KINGSTOWN – The government says it will plan the way forward for the cocoa industry after owners of the St Vincent Cocoa Company announced their decision to cease operations last week.
According to Prime Minister Dr Ralph Gonsalves, Minister of Agriculture Saboto Caesar was slated to meet with the firm on Monday.
The company began operating here in August 2011 after signing a 50-year agreement with the Gonsalves government.
“. . . It is clear that they probably feel that the amount of money to be made . . . they probably feel that enough farmers haven’t come forward to plant cocoa; but the state will keep with the cacao industry,” Gonsalves told CMC.
The agreement, which qualified for review after 20 years, gave Amajaro exclusivity in St Vincent and the Grenadines to buy cocoa beans, in wet and dry form, and to perform all sales and marketing of cocoa within the period of the agreement.

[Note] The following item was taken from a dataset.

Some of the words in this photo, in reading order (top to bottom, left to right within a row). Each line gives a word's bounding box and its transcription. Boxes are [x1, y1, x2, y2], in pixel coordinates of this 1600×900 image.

It, however, made exception for cottage industry persons selling cocoa for consumption in the country.
“They haven’t spoken in any detail about the reasons,” Gonsalves said when asked what reasons the company gave for pulling out of St Vincent.

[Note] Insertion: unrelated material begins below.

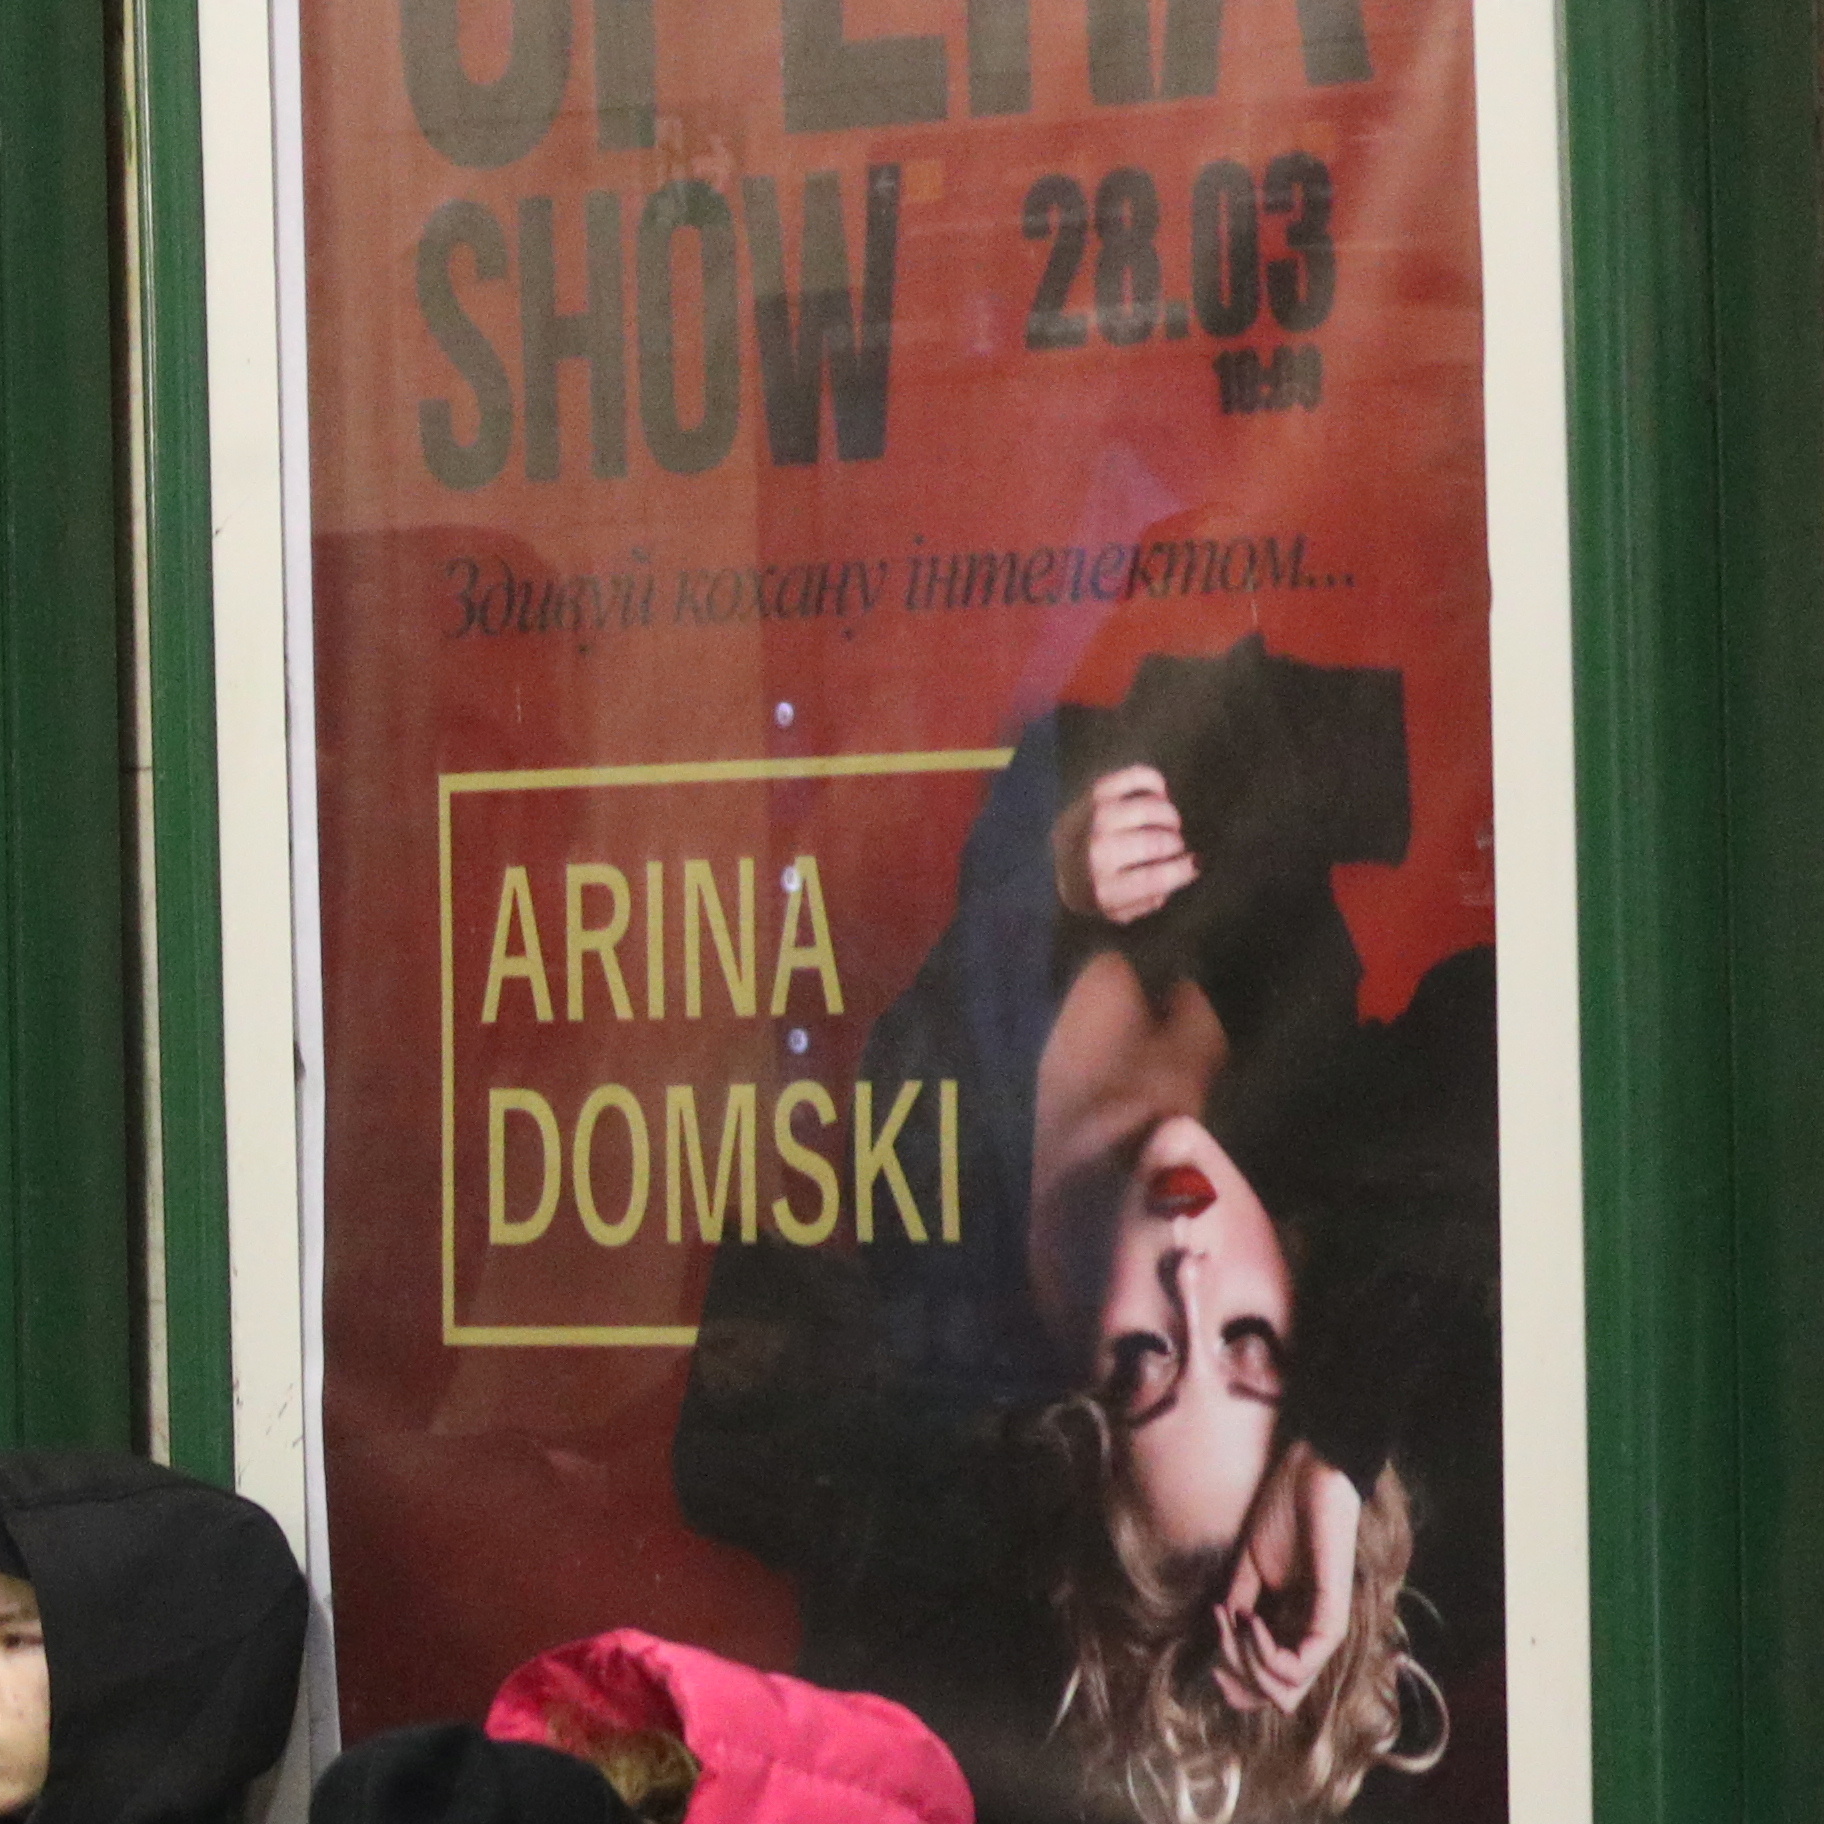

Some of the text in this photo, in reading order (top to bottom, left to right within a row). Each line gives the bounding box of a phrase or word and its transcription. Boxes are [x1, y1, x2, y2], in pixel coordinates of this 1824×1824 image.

“I think the general statement has been the new owners not seeing the light for a few years,” he said.
Bloomberg, a premier site for business and financial market news, reported in November, 2013, that Armajaro Holdings Ltd had agreed to sell its soft commodities trading unit to Ecom Agro industrial Corp., the world’s second biggest coffee and third largest cocoa trader.
The company’s trading arm Armajaro Trading Ltd reported a loss of US$7.6 million (BDS$15.2 million) in the year ended September 2012, Bloomberg reported.
Gonsalves said after the meeting, Caesar was expected “to be in a better place to find out the precise way in going forward in light of the memorandum of understanding that we had.”
He said the Cocoa Company would leave is assets and infrastructure for the government for “continuation of the process”.
“We are interested in continuing the process. A company came in, if they decide for their own commercial reasons to pull out, it doesn’t mean that there is not a space for cocoa,” Gonsalves said.
Asked if the company had to give notice before ceasing operations, Gonsalves, who along with former Minister of Agriculture, Montgomery Daniel, signed the agreement, said “I think they had to give a period of notice, but I think all those things Saboto will discuss with them.”
He said the government would see what could be traded off in lieu of notice.
“If somebody gives notice and really does nothing, whatever is there many not be worthwhile taking over after the notice period. So, if we going to have a break in a manner which is beneficial — those are practical things and Saboto and his team will talk to them.
“But we will continue with the cocoa industry and we will put machinery in place. The ministry had already spoken about having a cocoa and spice, condiments unit. This is an excellent opportunity to ground that in something going forward,” Gonsalves said.
“And who knows? Ecom may well purchase our cacao. We had a help from them [Amajaro] in the restarting of the industry and we can build on it going forward.
“And I don’t see that it should be closed as an option for our farmers . . . . We are accustomed as a people to make adaptations; so I don worry about these things. We move forward how we can, in the best possible way,” Gonsalves told CMC.